…a time to keep and a time to cast away.
Ecclesiastes 3:6
It all began when my mother and dad left their home for assisted living, and my husband and I volunteered to be the cleaner-outers and disposer of goods after the move. Three years later, we performed the same duty at the passing of my 93-year-old aunt who had lived in the same town all her life and in the same house for over fifty years.
Experience taught us how to vote a
non-emotional thumbs down on about 99.5% of the things, assigning it to either
the dumpster or the local charitable donations truck. No one in the family had
much interest in or room for “the good stuff,” so both times, we arrived back
home with a small rental trailer containing furniture and other memory-laden keepsakes.

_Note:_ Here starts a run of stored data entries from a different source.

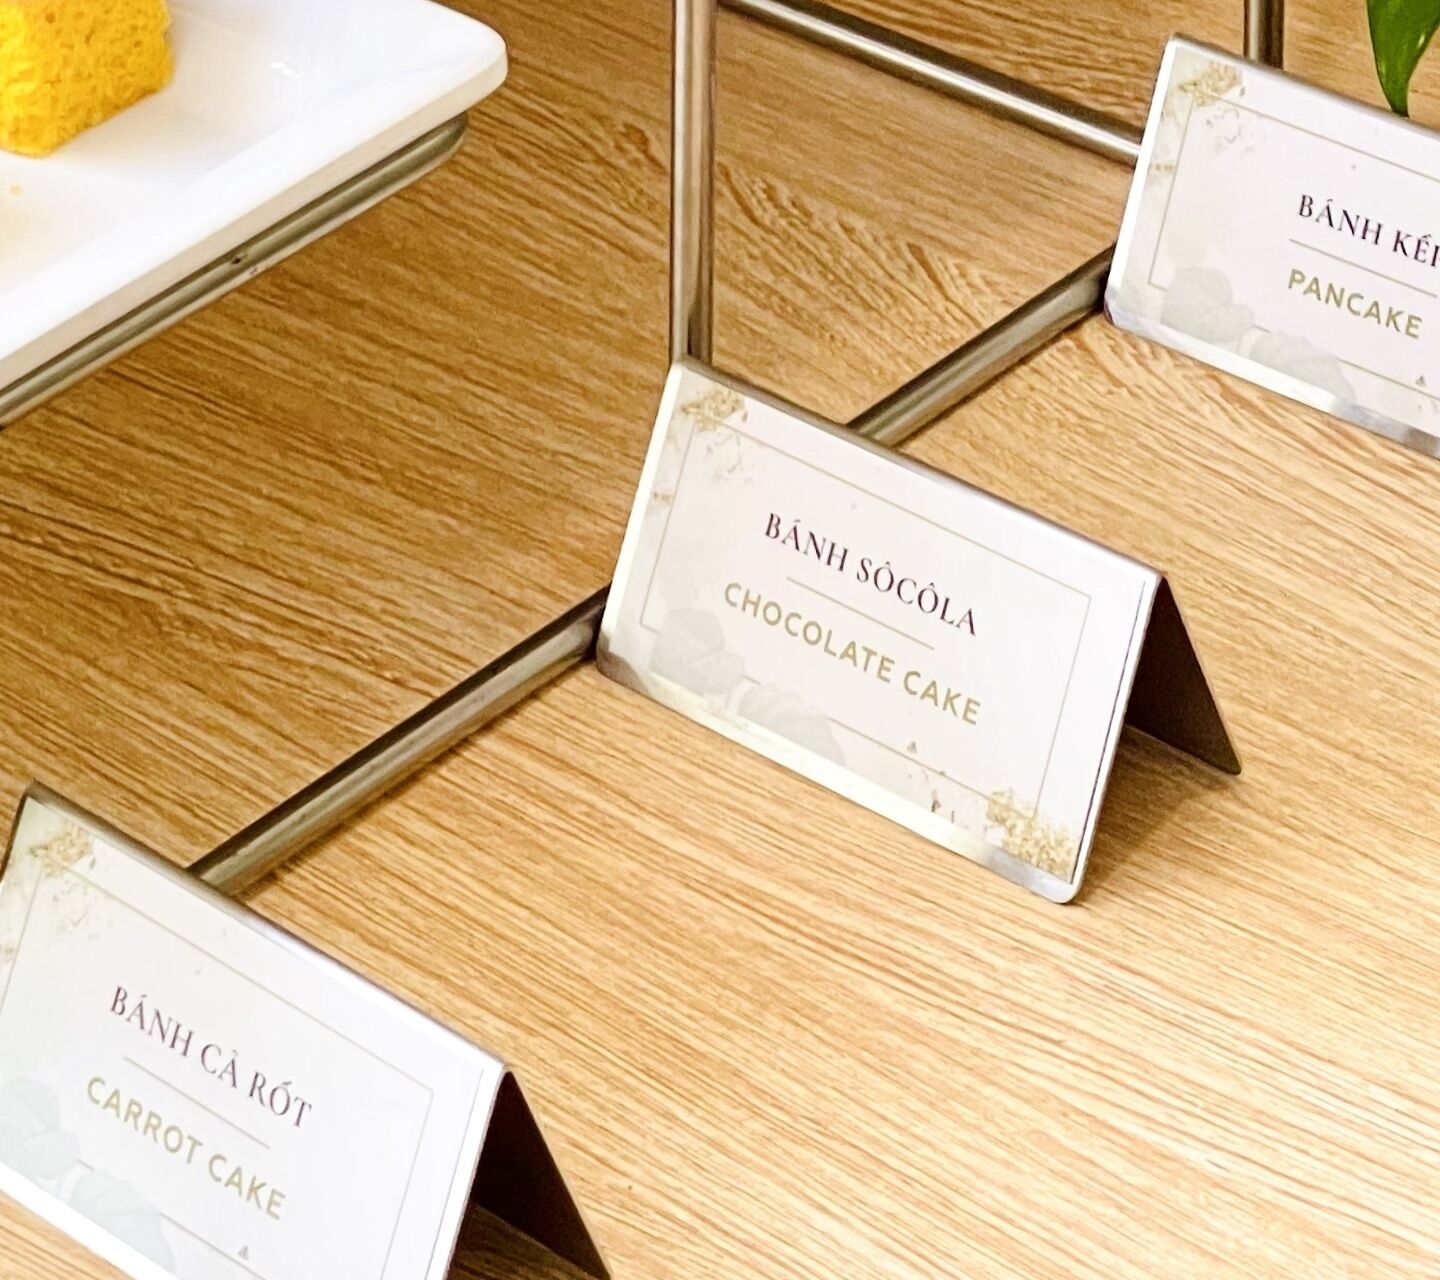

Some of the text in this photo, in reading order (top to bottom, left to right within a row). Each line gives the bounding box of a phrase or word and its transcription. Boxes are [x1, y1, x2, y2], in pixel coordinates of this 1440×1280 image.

[1298, 193, 1383, 246] BÁNH
[1288, 268, 1423, 340] PANCAKE
[765, 513, 976, 637] BÁNH SÔCÔLA
[724, 582, 981, 726] CHOCOLATE CAKE
[110, 986, 194, 1057] BÁNH
[248, 1071, 313, 1128] RỐT
[87, 1076, 286, 1220] CARROT CAKE
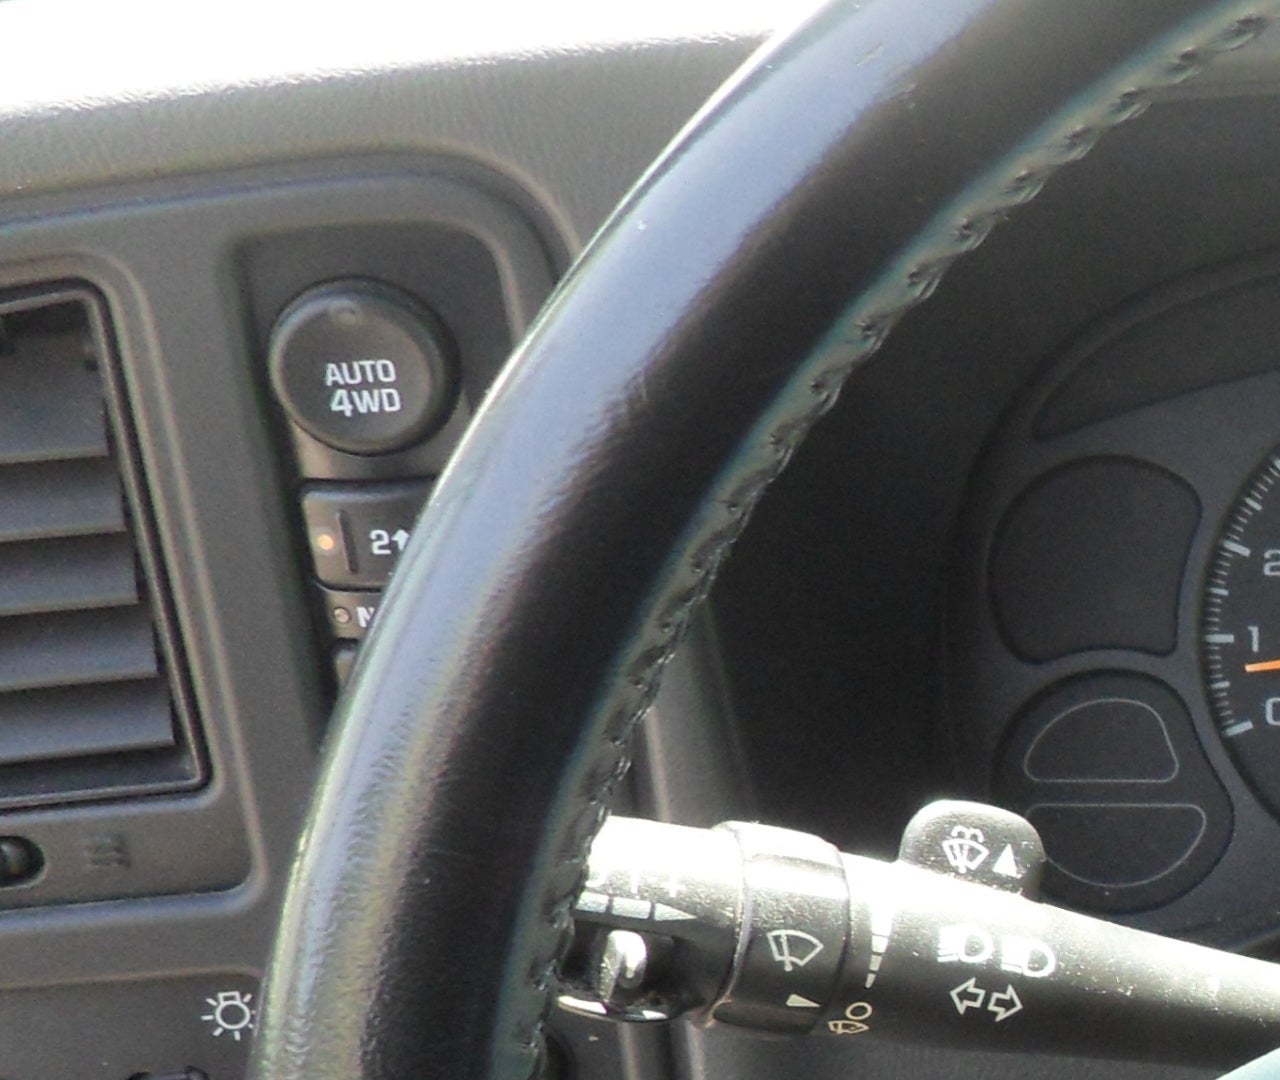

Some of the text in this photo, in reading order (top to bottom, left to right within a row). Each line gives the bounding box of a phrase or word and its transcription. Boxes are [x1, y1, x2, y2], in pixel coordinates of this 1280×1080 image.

[325, 360, 397, 387] AUTO
[330, 388, 401, 418] 4WD
[369, 529, 392, 555] 2
[1247, 626, 1260, 652] 1

This was all well and good because our home was large, open and had a ton of
storage. Then the opportunity to move to a one-story home, smaller and closer
to family, presented itself.
Through all the planning and building, the
graph paper rooms full of scale-sized furniture told me beautiful lies about
what I could bring with me and where it would fit. After moving in, however, I
came face-to-face with a couple of realities about our new home: each room had
been planned for the basics, and, unlike those motor homes whose walls can
conveniently expand at the driver’s whim, it wasn’t going to get any bigger.

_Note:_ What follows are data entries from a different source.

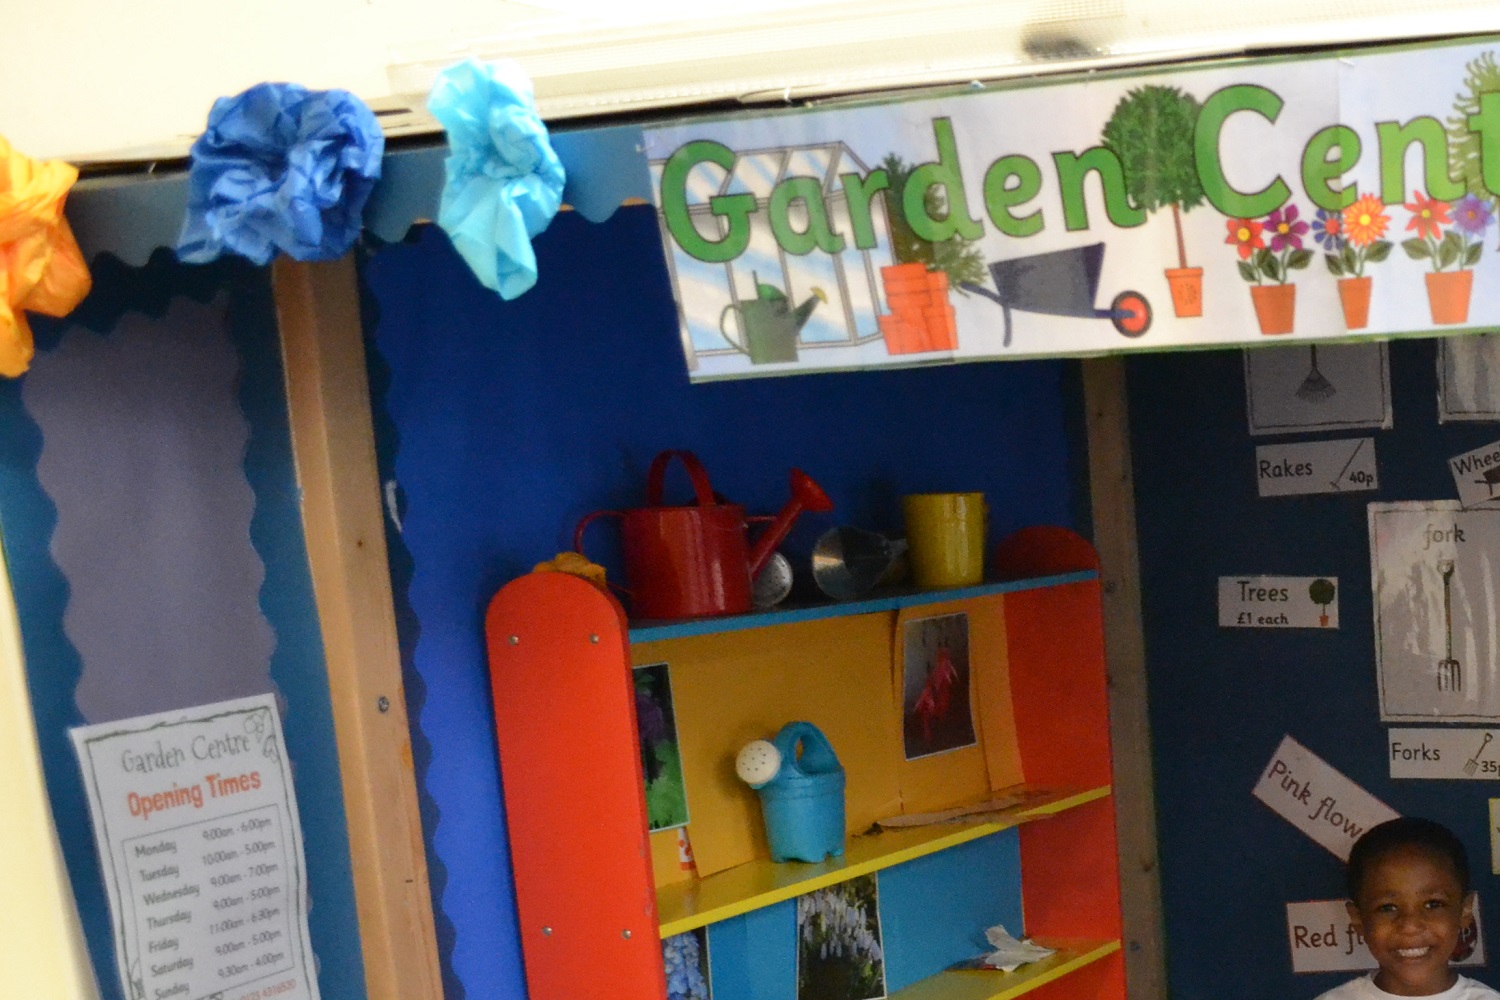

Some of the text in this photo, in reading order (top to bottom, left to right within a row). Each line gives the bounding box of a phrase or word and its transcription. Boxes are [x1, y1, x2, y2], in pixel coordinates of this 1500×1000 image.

[659, 115, 1148, 264] Garden
[1259, 460, 1314, 478] Rakes
[1348, 470, 1374, 487] 40p
[1423, 523, 1466, 550] fork
[1237, 580, 1289, 602] Trees
[1236, 612, 1289, 625] £1 each
[122, 733, 250, 774] Garden Centre
[1391, 744, 1441, 762] Forks
[127, 771, 261, 820] Opening Times
[1268, 760, 1363, 839] Pink flow
[134, 840, 177, 858] Monday
[139, 865, 180, 882] Tuesday
[142, 884, 200, 906] Wednesday
[146, 910, 192, 930] Thursday
[149, 937, 179, 954] Friday
[1294, 923, 1338, 949] Red
[151, 957, 194, 977] Saturday
[154, 982, 190, 1000] Sunday

One piece in particular was symbolic of my
plight:
For as long as I can remember, my aunt had a
buffet whose sides were of two large pieces of curved glass. My aunt and uncle
never had children and the piece sat on the back wall of their dining room and
out of harm’s way. Even when we moved it to our former home, it found a safe
spot in our over-sized entry.
When we moved it into our new breakfast room things
were undeniably tight. It wasn’t hard to imagine a chair hastily pushed back
from the table doing in one of those large pieces of curved glass.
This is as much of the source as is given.